The researchers noted that the field needs better-advanced care planning, particularly regarding palliative care. Only 20% of patients with kidney failure use hospice services, compared with 39.1% of those with congestive heart failure and 55% of those with cancer.
“It is advised that the nephrology team initiate the conversation about palliative care treatment,” Dr. Golsorkhi and colleagues wrote. “The extent to which these discussions are being carried out depends on the experience and comfort of the clinician. When physicians feel no longer comfortable continuing the discussion, managing refractory complications, or addressing cases of ‘futility,’ consultation with a palliative care specialist is recommended.”
Interventions To Improve Care
For each issue raised, the authors pointed to possible solutions. These focused on building communication skills with patients and discussing palliative care.

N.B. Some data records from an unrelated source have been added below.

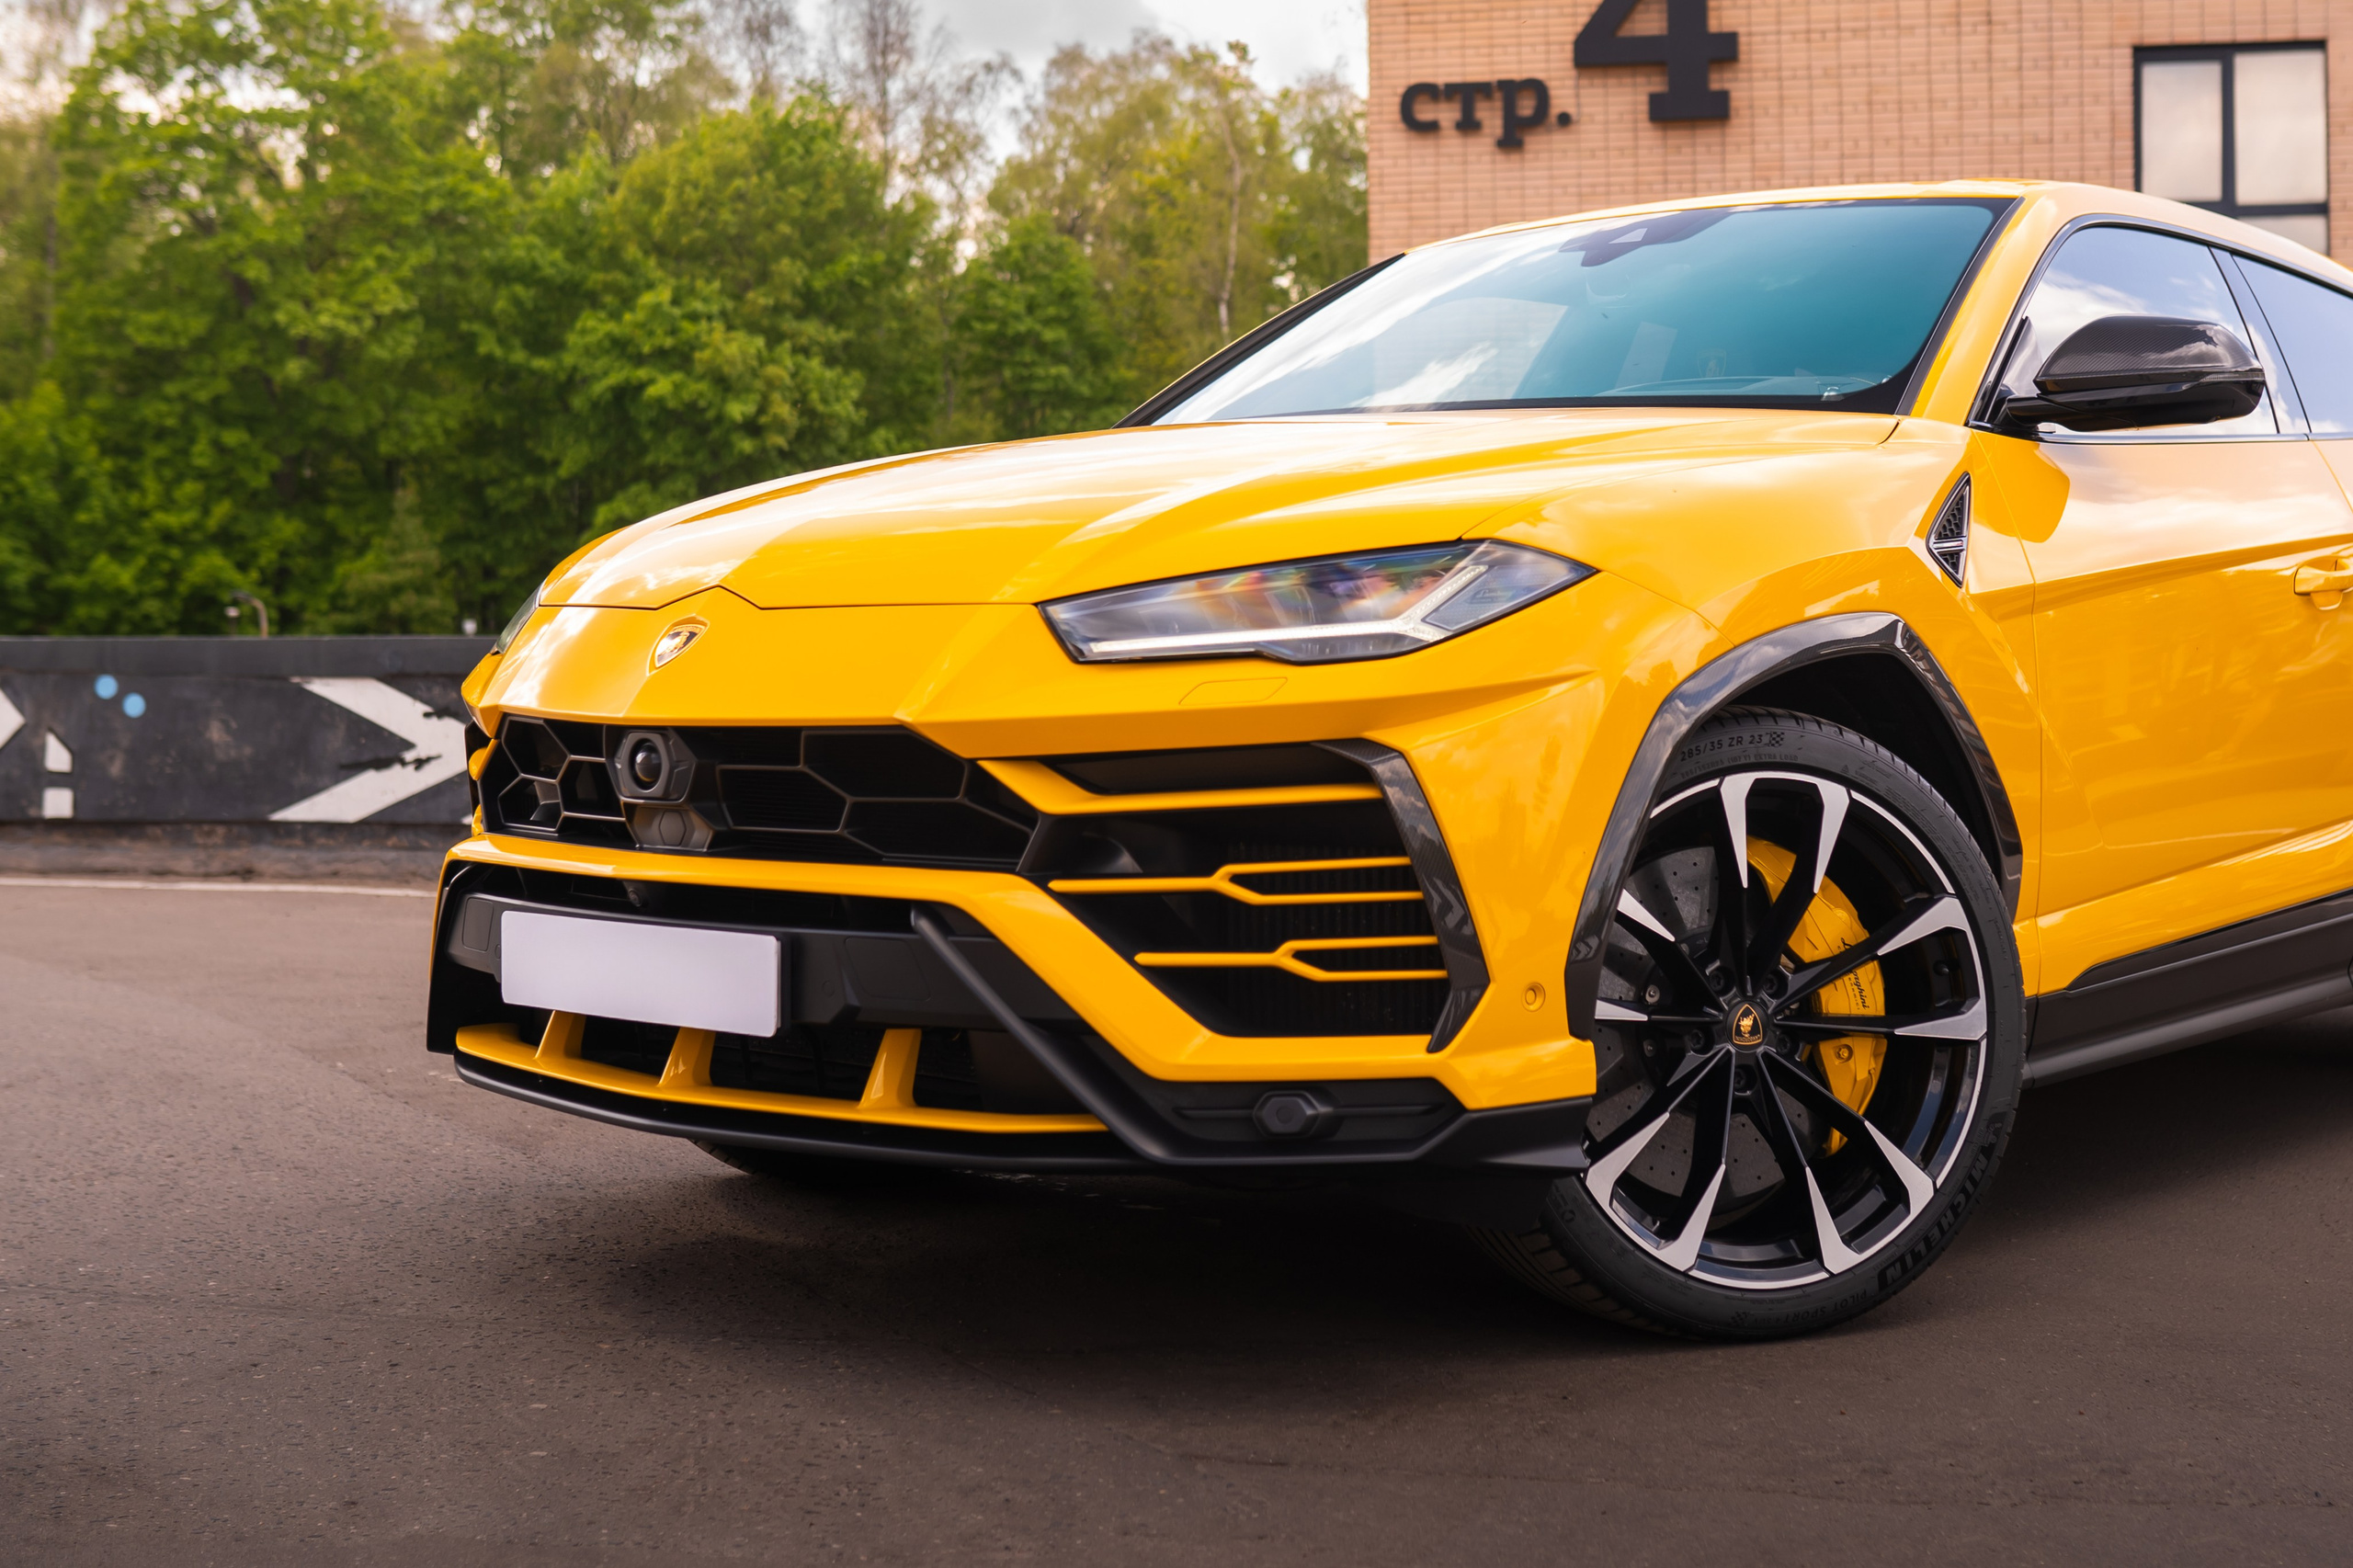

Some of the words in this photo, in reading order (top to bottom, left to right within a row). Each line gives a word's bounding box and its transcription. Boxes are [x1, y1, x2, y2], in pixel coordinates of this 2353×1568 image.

[1400, 77, 1573, 148] стр.
[1574, 0, 1739, 122] 4
[1680, 739, 1723, 762] 285/35
[1728, 735, 1744, 747] ZR
[1748, 733, 1763, 745] 23
[1886, 1153, 1989, 1285] MICHELIN
[1782, 1305, 1827, 1324] SPORT
[1832, 1289, 1868, 1312] PILOT
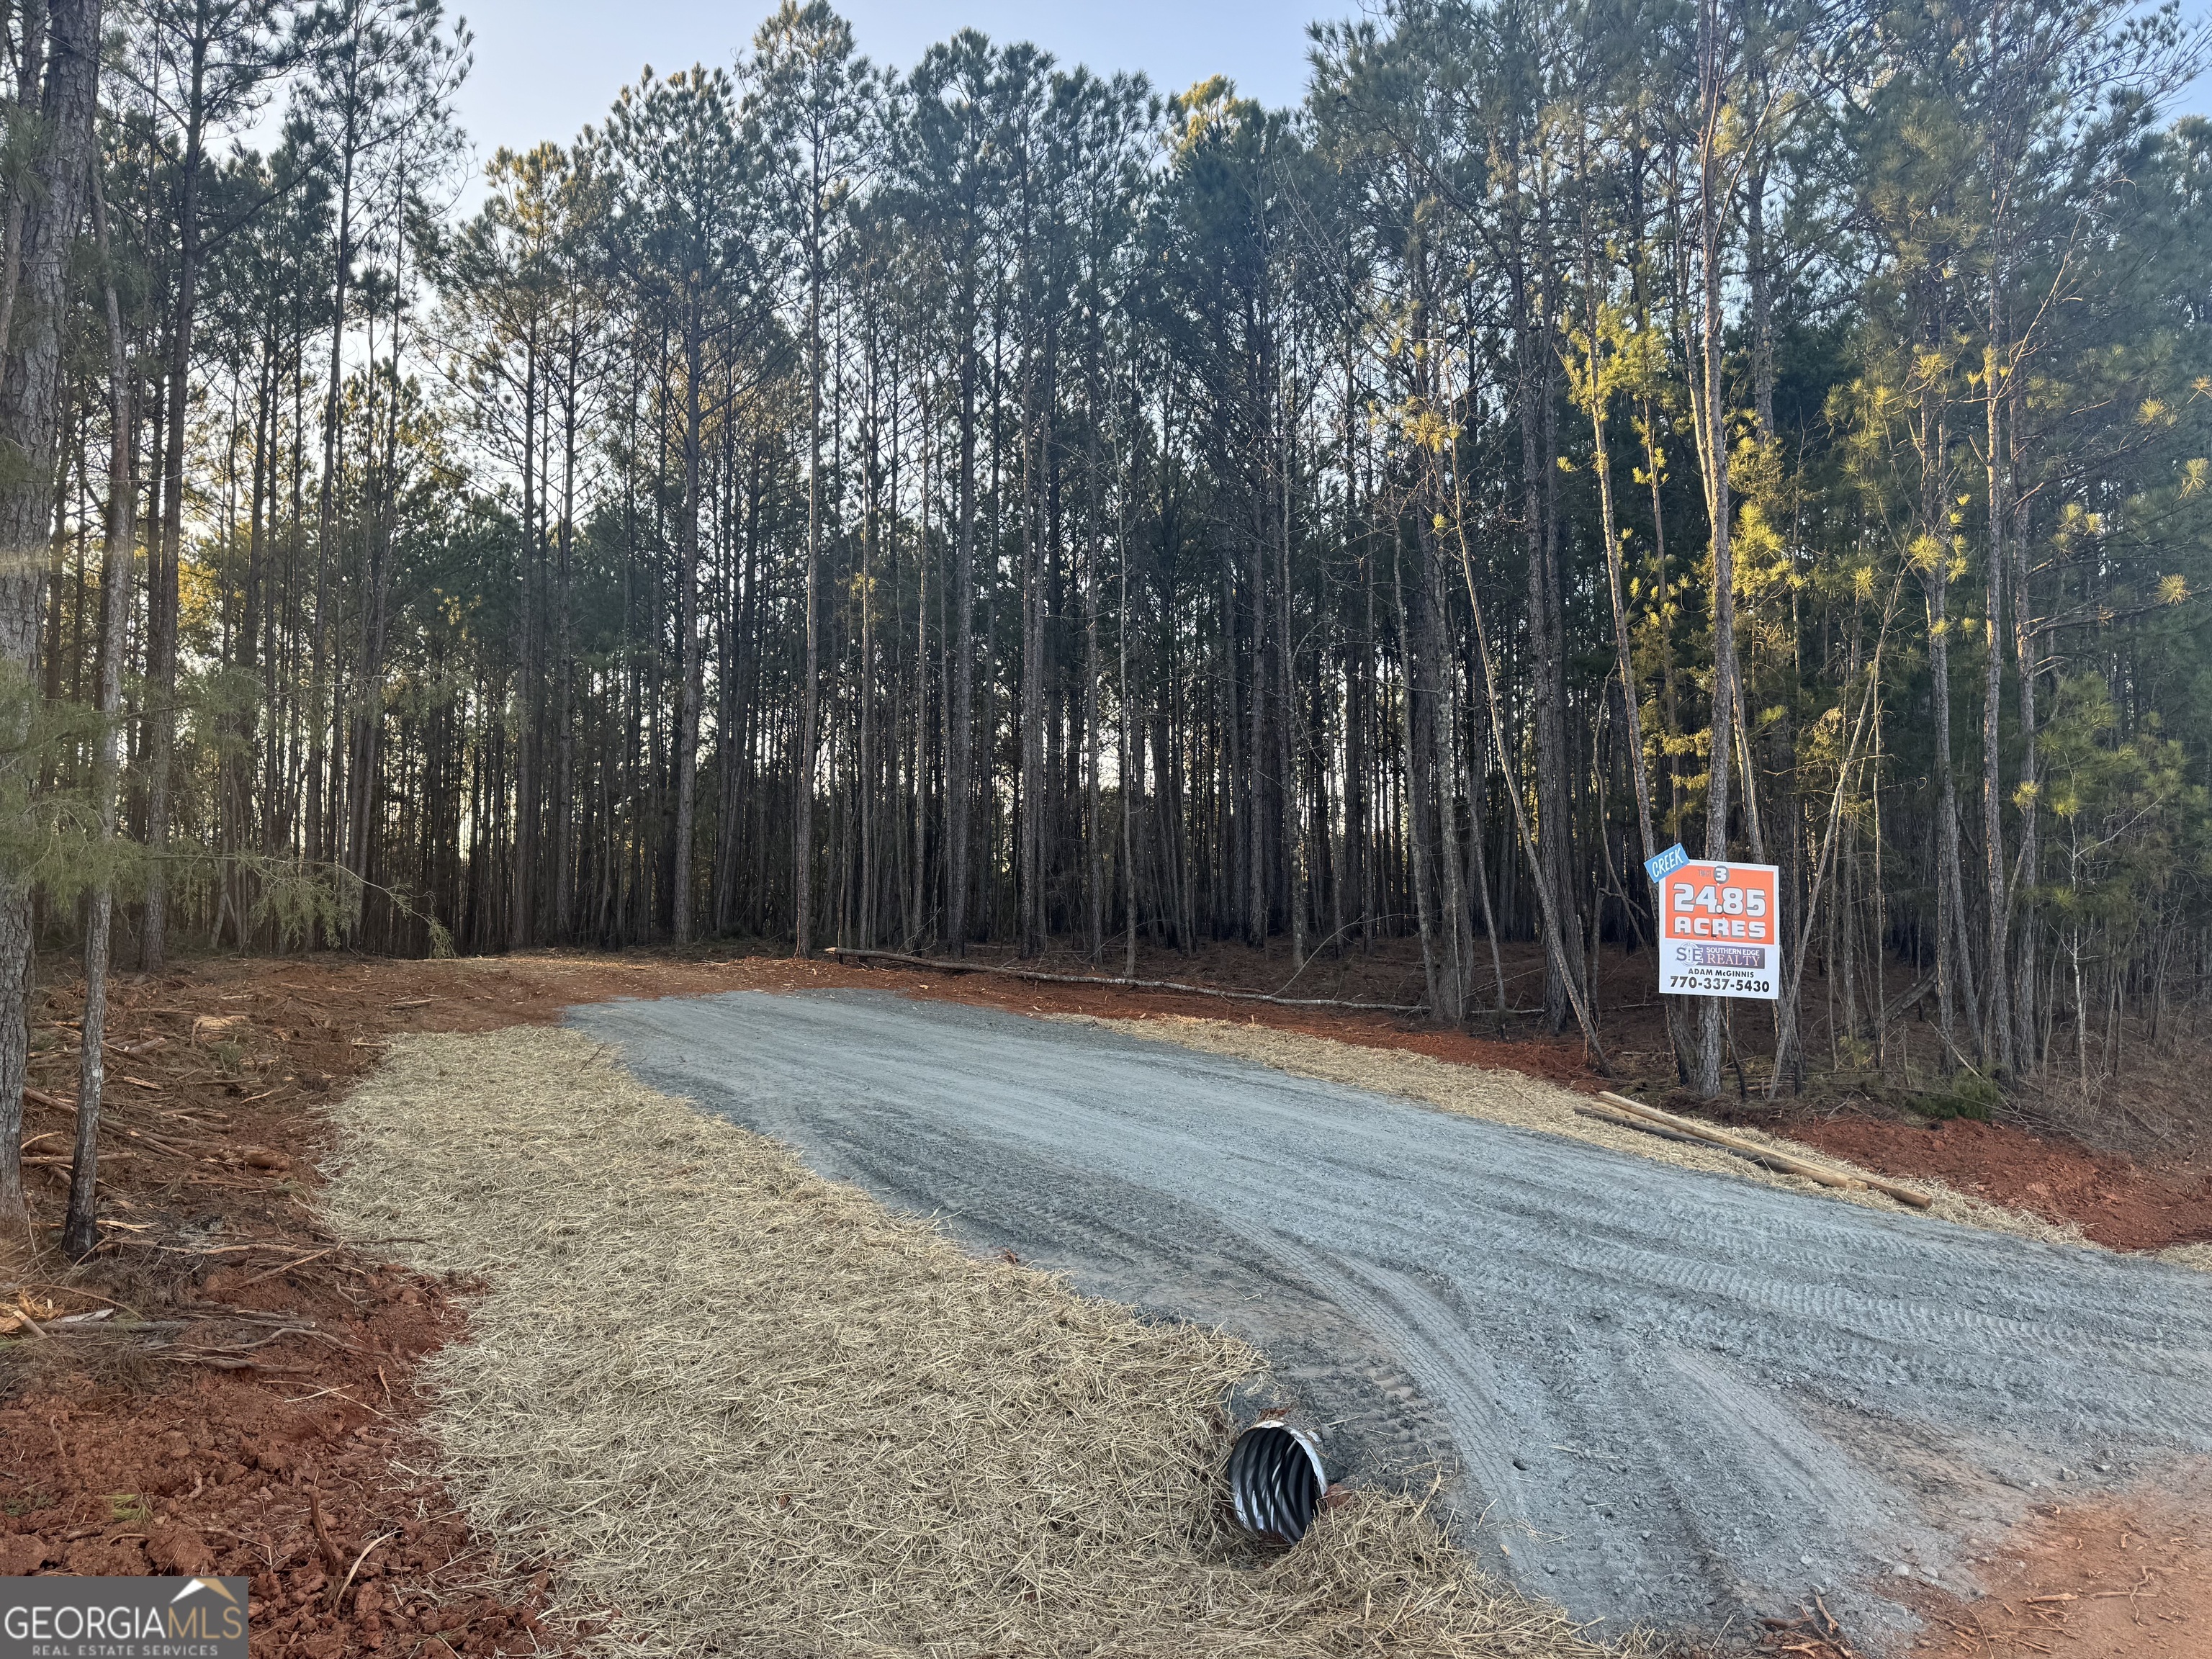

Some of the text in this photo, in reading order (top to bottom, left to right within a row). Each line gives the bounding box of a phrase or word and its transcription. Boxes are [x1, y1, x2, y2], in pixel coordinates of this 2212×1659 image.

“This review features the multidimensional nature of patient-physician communication in nephrology, emphasizing the critical need for improved communication skills training, effective use of patient-reported outcome measures, and overcoming barriers to advanced care planning and shared decision-making,” Dr. Golsorkhi and colleagues wrote. “While progress has been made, moving forward necessitates a collaborative effort from healthcare professionals, researchers, and policymakers to fully realize the benefits of patient-centered communication in improving the care and QoL for patients with advanced kidney disease.”